- Required action -
Set down each entry as it stands. Skip the pictures.

[Saved data entries]

■ ■ ■ ■

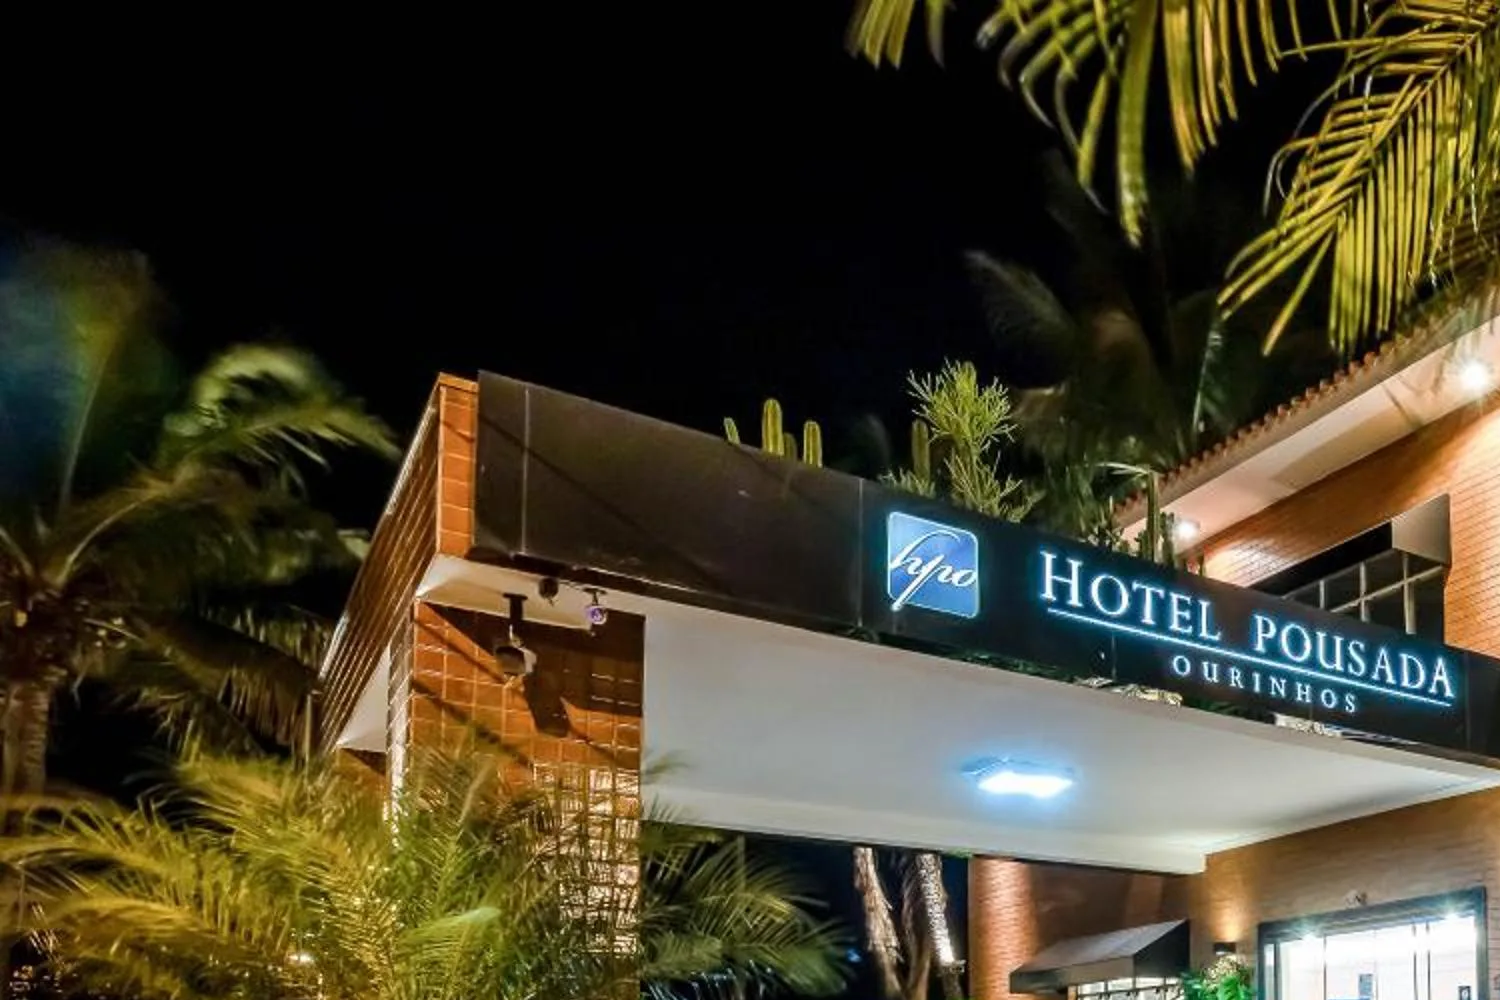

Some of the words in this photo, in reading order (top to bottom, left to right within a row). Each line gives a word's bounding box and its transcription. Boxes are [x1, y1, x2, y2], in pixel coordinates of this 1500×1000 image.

[1039, 551, 1221, 641] HOTEL
[1253, 615, 1454, 698] POUSADA
[1173, 655, 1356, 713] OURINHOS
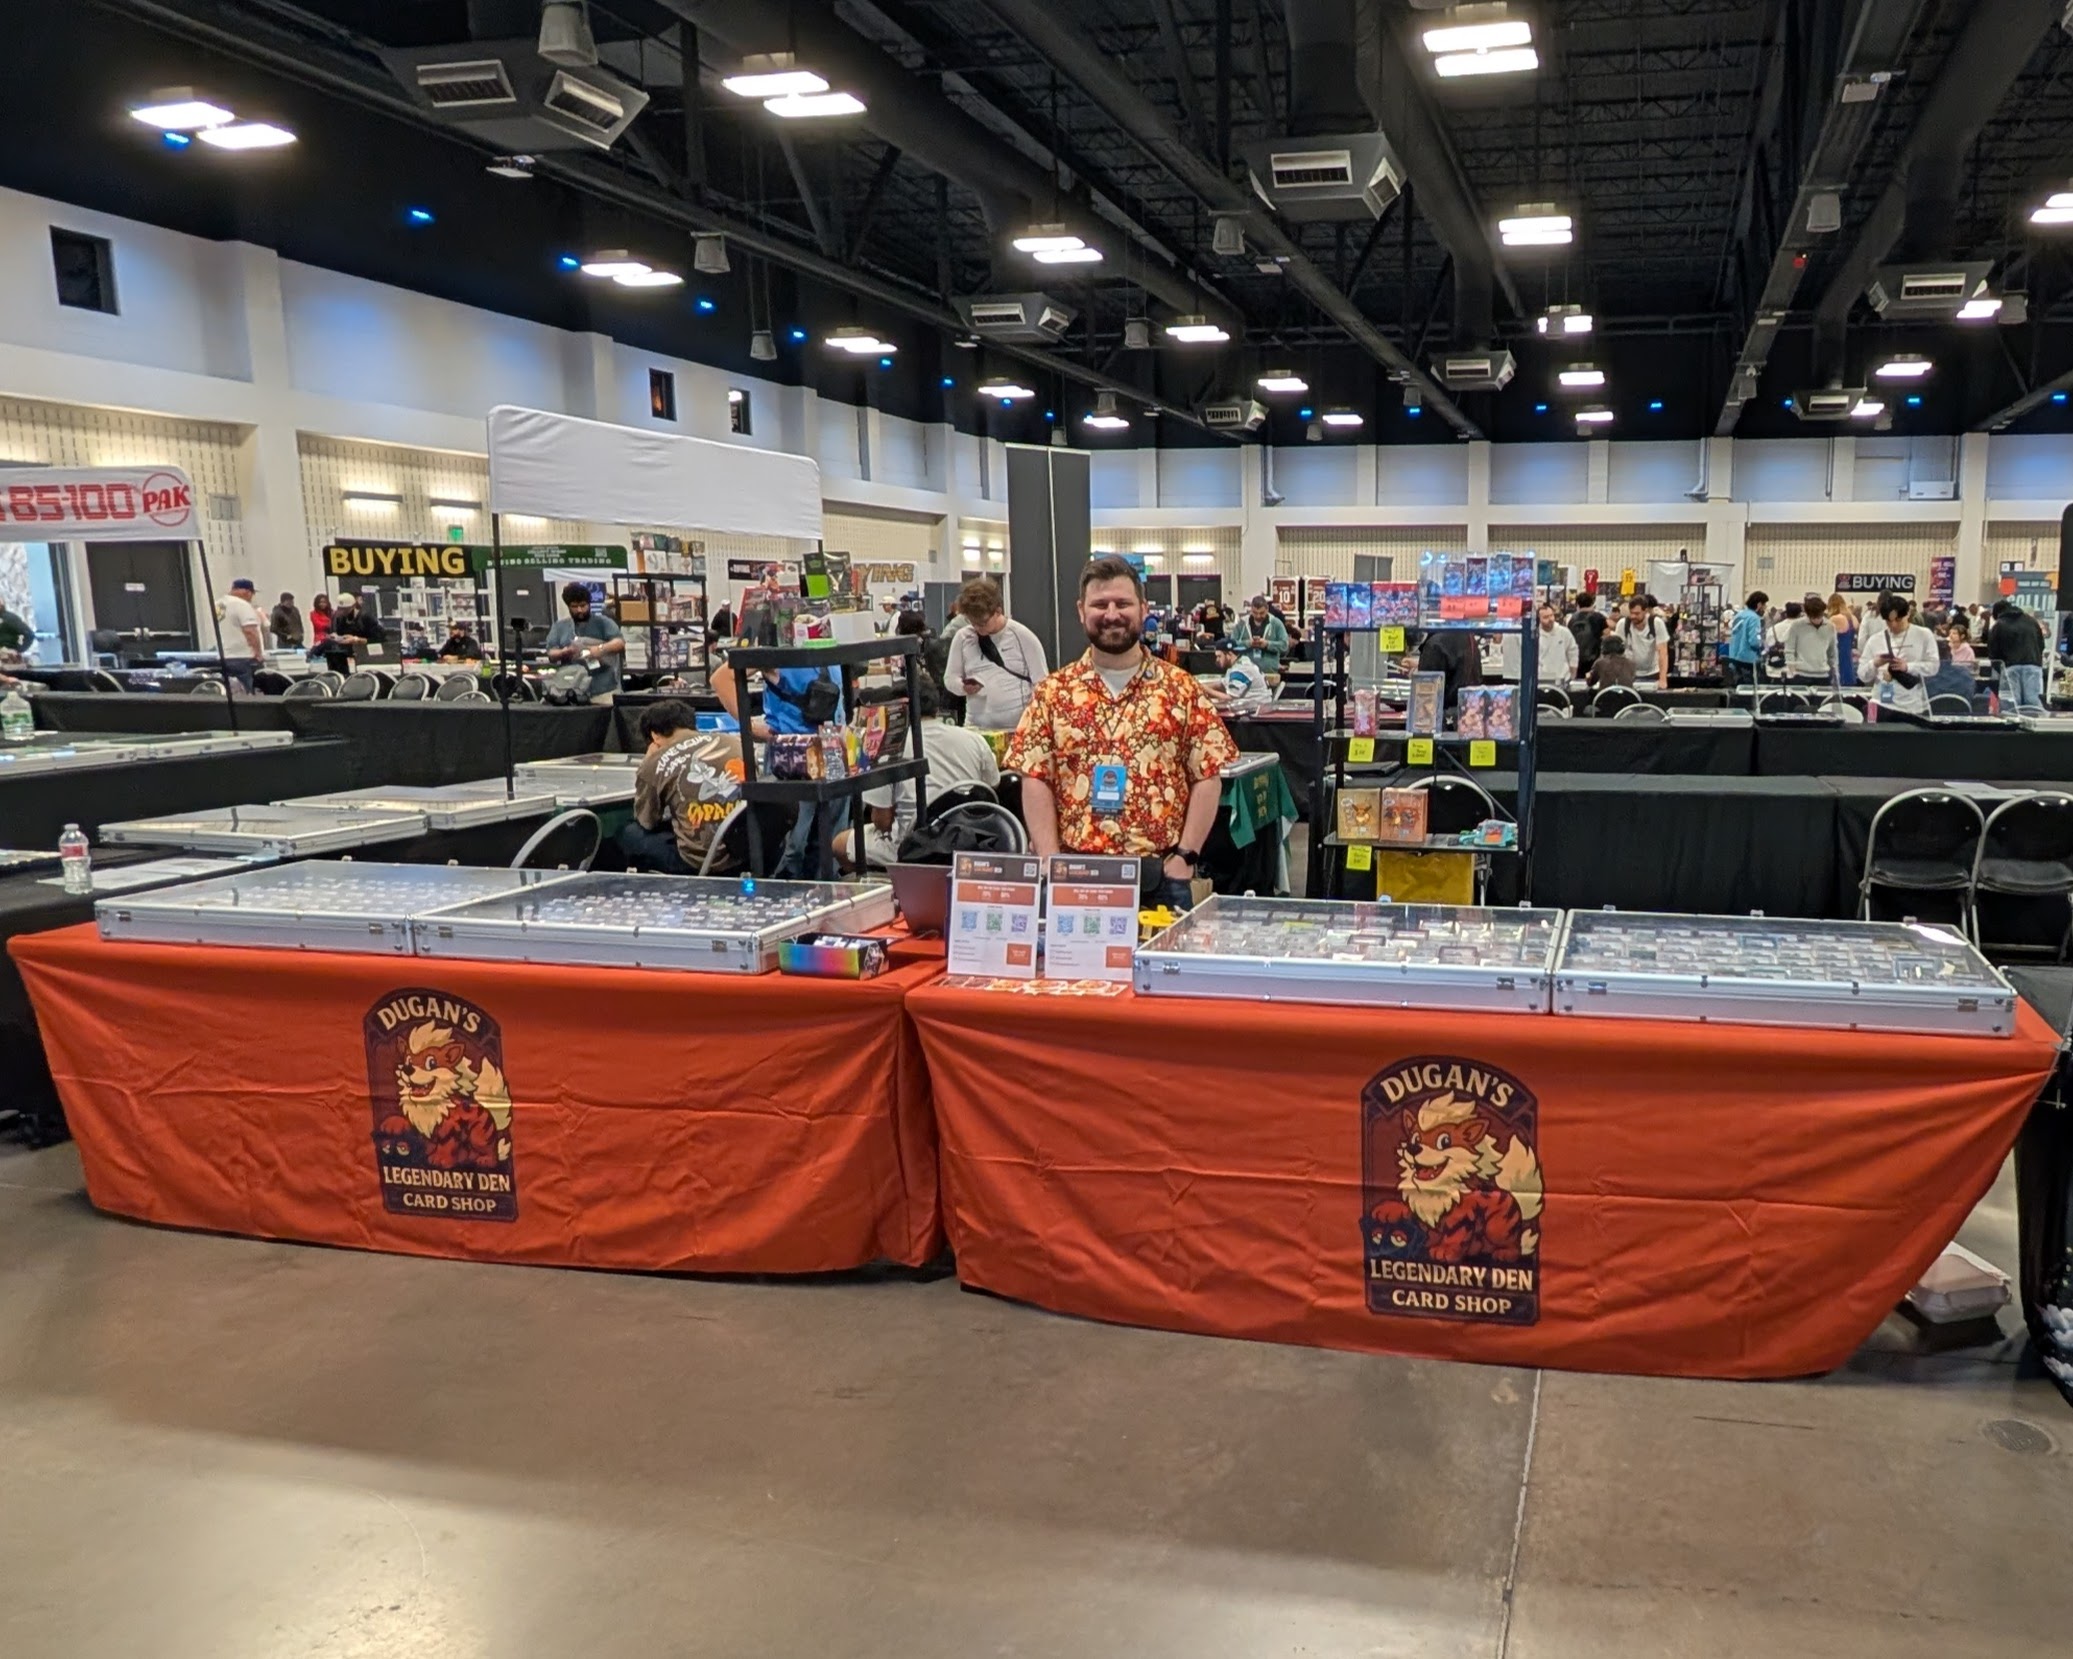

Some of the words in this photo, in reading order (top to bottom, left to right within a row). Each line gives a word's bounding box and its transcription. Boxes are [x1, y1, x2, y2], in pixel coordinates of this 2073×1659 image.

[8, 484, 136, 521] 85-100
[143, 484, 191, 513] PAK
[329, 547, 465, 575] BUYING
[568, 557, 612, 565] TRADING
[1852, 576, 1914, 589] BUYING
[1279, 591, 1290, 603] 10
[377, 996, 481, 1034] DUGAN'S
[1380, 1063, 1515, 1108] DUGAN'S
[383, 1166, 474, 1191] LEGENDARY
[478, 1172, 511, 1192] DEN
[403, 1193, 448, 1209] CARD
[451, 1197, 497, 1213] SHOP
[1370, 1258, 1487, 1288] LEGENDARY
[1491, 1267, 1533, 1291] DEN
[1392, 1289, 1449, 1310] CARD
[1455, 1295, 1512, 1315] SHOP
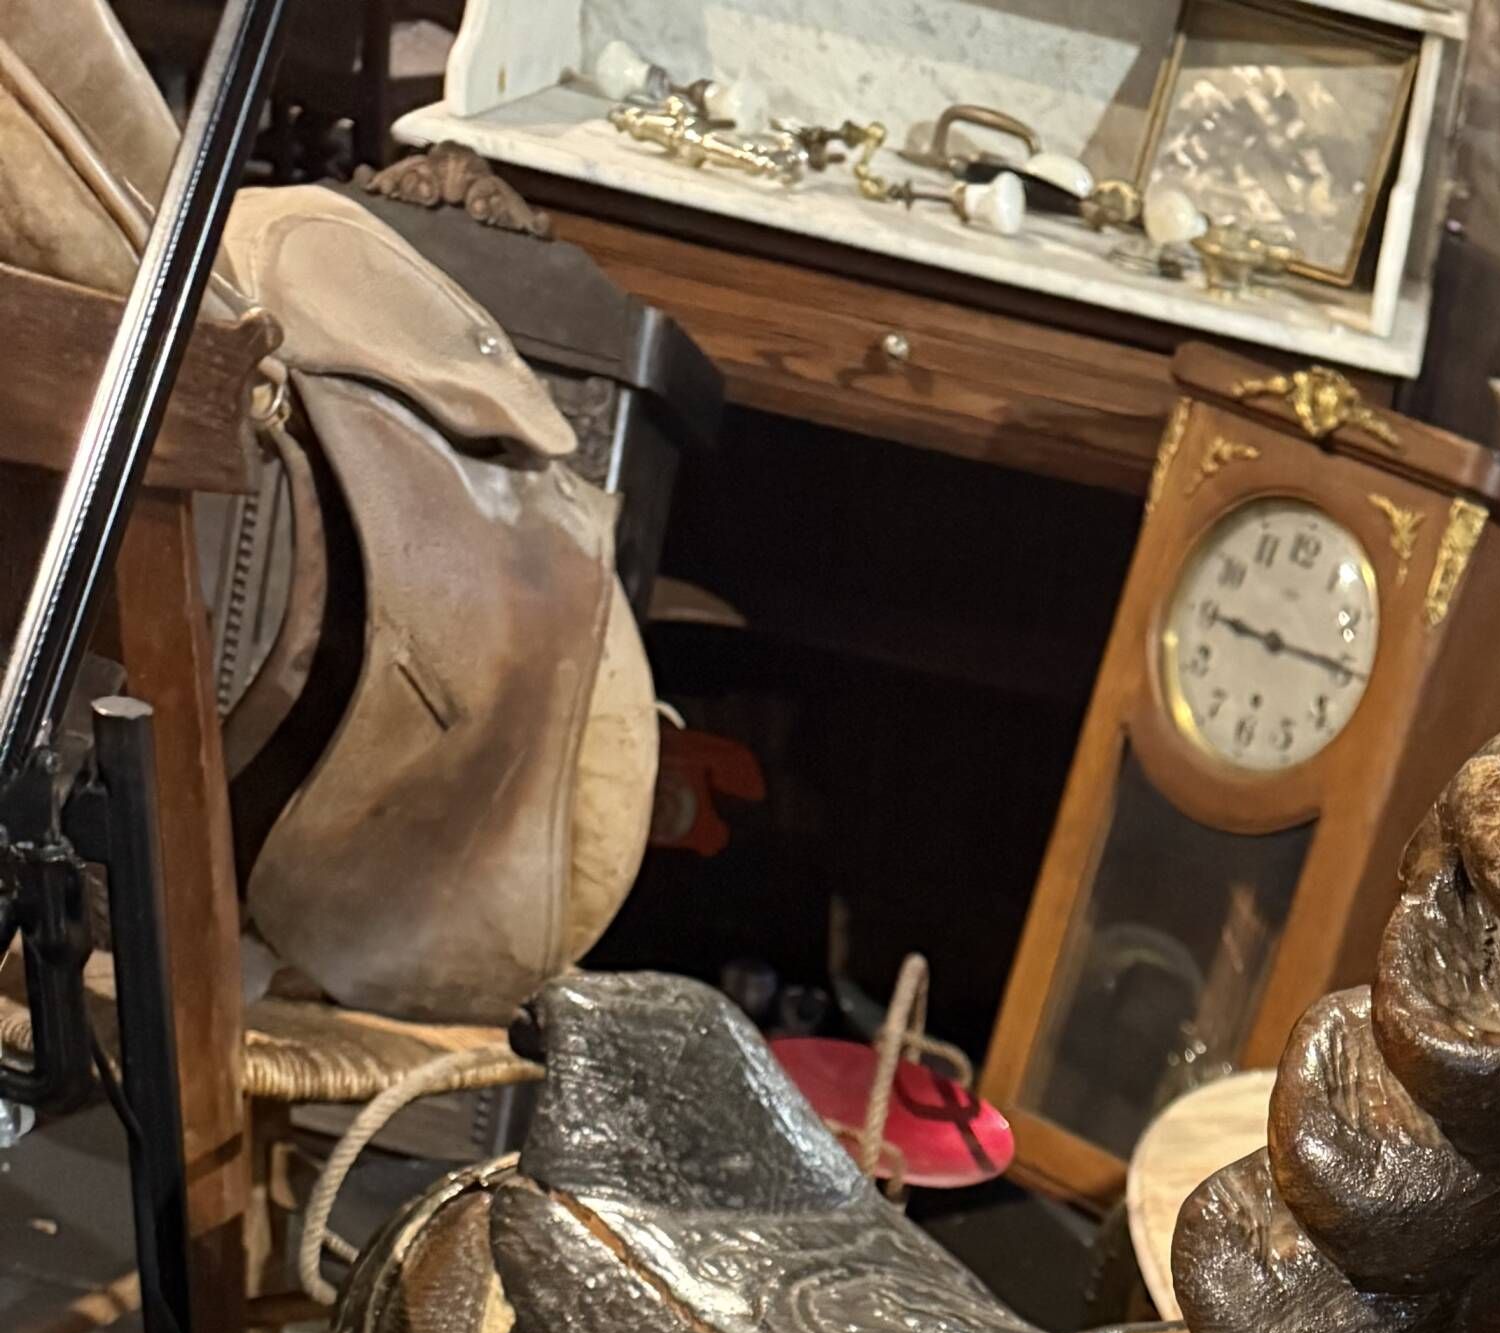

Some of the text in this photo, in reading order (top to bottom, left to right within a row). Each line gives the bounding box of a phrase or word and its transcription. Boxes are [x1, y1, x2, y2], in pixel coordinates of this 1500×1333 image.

[1254, 534, 1280, 568] 11
[1288, 533, 1322, 570] 12
[1233, 716, 1257, 748] 6

■ ■ ■ ■

- Written solution -
Some of the words in this photo, in reading order (top to bottom, left to right within a row). Each line gives a word's bounding box and its transcription. Boxes are [x1, y1, x2, y2], in pixel coordinates of this 1500×1000 image.

[1039, 551, 1221, 641] HOTEL
[1253, 615, 1454, 698] POUSADA
[1173, 655, 1356, 713] OURINHOS

Some of the words in this photo, in reading order (top to bottom, left to right within a row). Each line gives a word's bounding box and its transcription. Boxes are [x1, y1, x2, y2], in pixel coordinates of this 2073×1659 image.

[8, 484, 136, 521] 85-100
[143, 484, 191, 513] PAK
[329, 547, 465, 575] BUYING
[568, 557, 612, 565] TRADING
[1852, 576, 1914, 589] BUYING
[1279, 591, 1290, 603] 10
[377, 996, 481, 1034] DUGAN'S
[1380, 1063, 1515, 1108] DUGAN'S
[383, 1166, 474, 1191] LEGENDARY
[478, 1172, 511, 1192] DEN
[403, 1193, 448, 1209] CARD
[451, 1197, 497, 1213] SHOP
[1370, 1258, 1487, 1288] LEGENDARY
[1491, 1267, 1533, 1291] DEN
[1392, 1289, 1449, 1310] CARD
[1455, 1295, 1512, 1315] SHOP

Some of the text in this photo, in reading order (top to bottom, left to right within a row). Each line gives the bounding box of a phrase or word and its transcription. Boxes are [x1, y1, x2, y2], in pixel coordinates of this 1500×1333 image.

[1254, 534, 1280, 568] 11
[1288, 533, 1322, 570] 12
[1233, 716, 1257, 748] 6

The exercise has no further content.